In 1998 and 1999, the City of Warren was named as a defendant in several lawsuits filed by approximately 175 homeowners in the State of Michigan Circuit Court for the County of Macomb. 1 (See Compl. at 2, ¶ 7.) These lawsuits sought recovery for damages allegedly suffered by the homeowners as a result of sewage that backed-up from the City’s sewer system into the homeowners’ basements on February 17 and 18, 1998. (Id. at 2-3.) According to Plaintiff, the City of Warren tendered its defense of these cases to United States Fire Insurance Company, and United States Fire Insurance Company “has undertaken the City’s defense in all of the underlying cases subject to an express reservation of rights to decline coverage based upon the pollution exclusion contained in the policies.” (Id. at 3, ¶ 9.) According to Plaintiff, these cases settled on April 20, 2000 when the plaintiffs agreed to accept payment of $1,575,-000 in exchange for a dismissal of their claims against the City of Warren. (PL Supp.Br. at 1.) According to Plaintiff, “[t]he entire settlement amount is to be funded by U.S. Fire,” but “U.S. Fire did, of course, maintain its reservation of rights with respect to whether the policies at issue entitle the City to coverage for the settlement amount.” (Id.)

On October 22, 1999, the City of Warren filed a lawsuit against United States Fire Insurance Company, among others, in the Circuit Court for the County of Macomb.
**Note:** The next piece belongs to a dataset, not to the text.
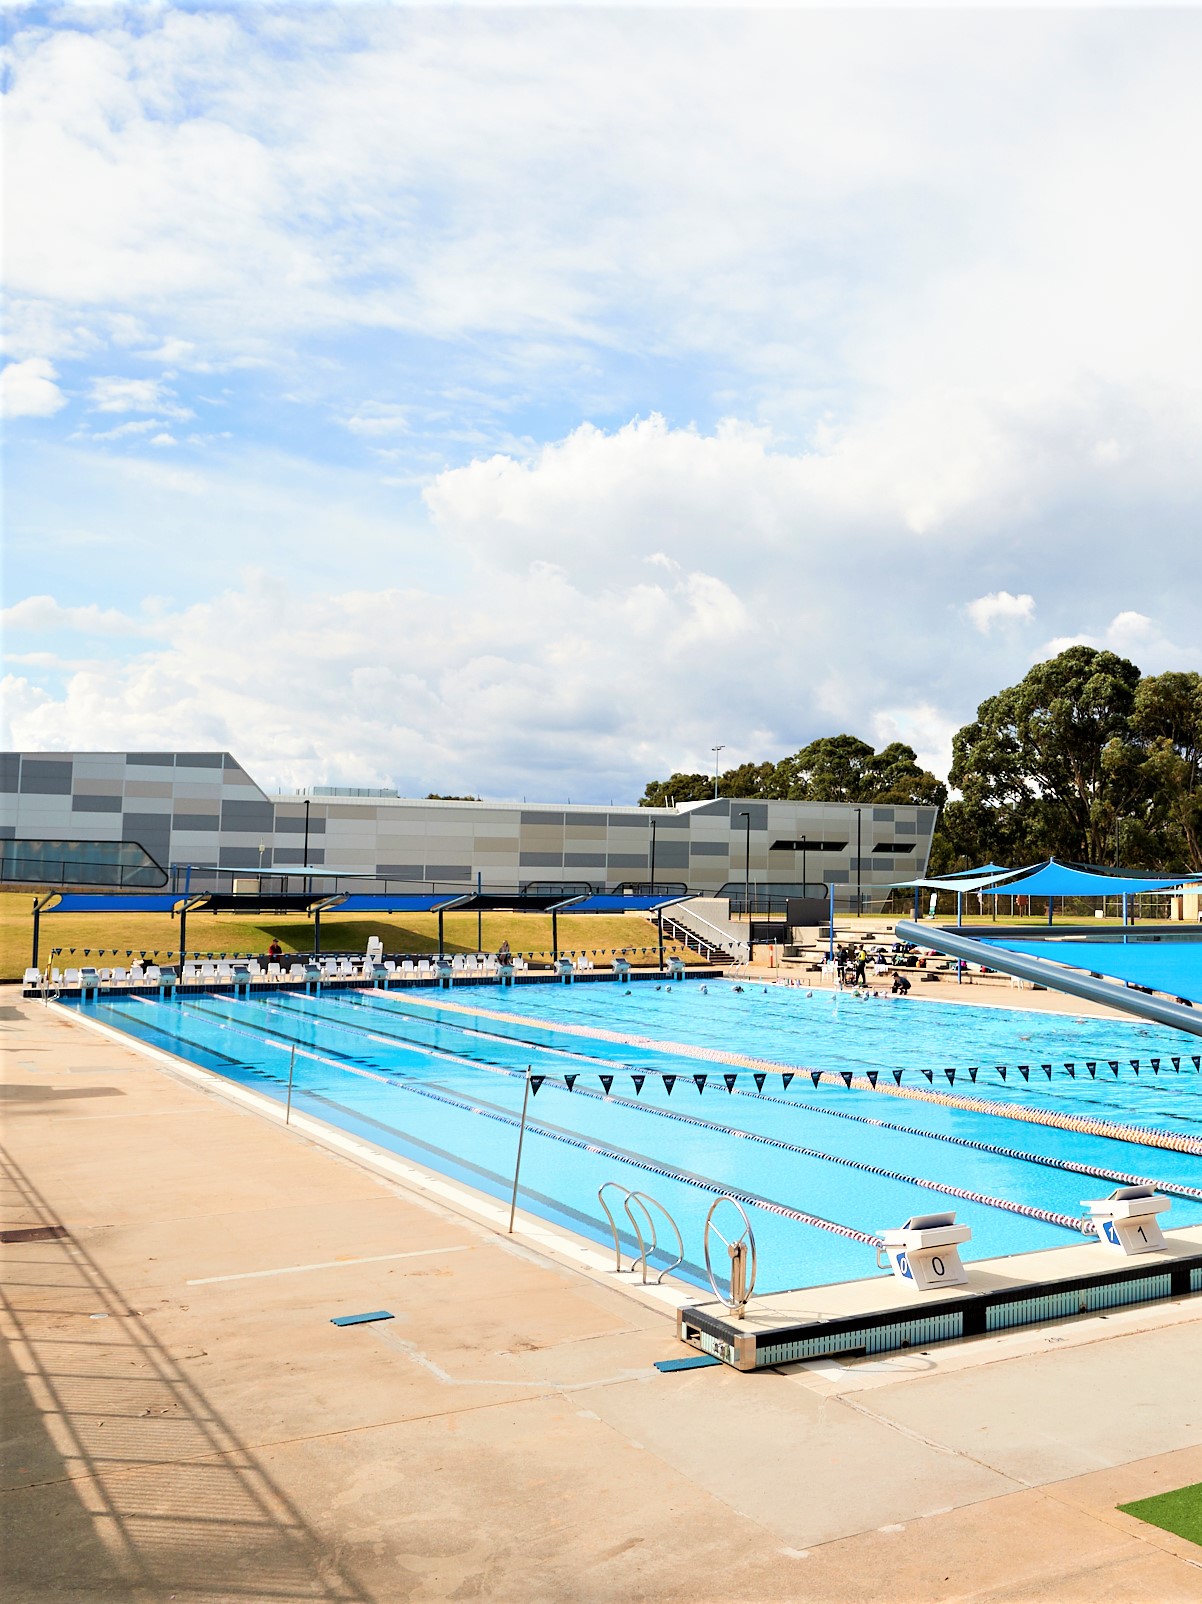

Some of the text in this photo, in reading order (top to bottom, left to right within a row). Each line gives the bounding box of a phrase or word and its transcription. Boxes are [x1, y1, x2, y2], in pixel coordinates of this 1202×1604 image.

[1108, 1226, 1115, 1241] 1
[1137, 1225, 1148, 1243] 1
[900, 1257, 908, 1275] 0
[931, 1256, 945, 1276] 0
See City of Warren v. United States Fire Insurance Company, No. 99-4472-CZ. The other defendants in that Michigan state court case include, but are not limited to, Arthur Dickinson, an insurance agent, and Republic Underwriters, Inc., his insurance company. The City of Warren alleges that, pursuant to a series of contracts, Dickinson, through Republic *835 Underwriters, Inc., obtained inadequate insurance coverage from United States Fire Insurance Company on behalf of the City of Warren.

In City of Warren v. United States Fire Insurance Company, No. 99-4472-CZ, the City of Warren asserted against United States Fire Insurance Company claims for declaratory relief (Count I), breach of contract (Count III), negligent misrepresentation (Count IV), intentional misrepresentation (Count V), fraud (Count VI), conversion (Count VII), civil conspiracy (Count VIII), violation of the Michigan Consumer Protection Act, M.C.L. § 445.903(1) (Count IX), violation of the Michigan Unfair Trade Practices Act, M.C.L. §§ 500.2003, 500.2005a (Count X). In that action, the City of Warren,

seeks declaratory and monetary relief, in that numerous cases ... have been filed against the City of Warren, its employees, officials and agents for which there has been either no insurance coverage or insufficient coverage. Pursuant to its agreement with Dickinson and Republic, U.S. Fire has either denied coverage or undertaken coverage pursuant to a reservation of rights in each case and in the cases in which it has undertaken coverage pursuant to a reservation of rights, U.S. Fire has through its actions caused a reasonable belief on the part of the Plaintiffs that it will cease to provide coverage in the foreseeable future as it has reserved the right to do so.

(Def.Ex. A at 7, ¶ 38.) The City of Warren is seeking declaratory relief that United States Fire Insurance Company must indemnify the City of Warren for various lawsuits filed against the city, including, but not limited to, some of the sewage back-up cases discussed above.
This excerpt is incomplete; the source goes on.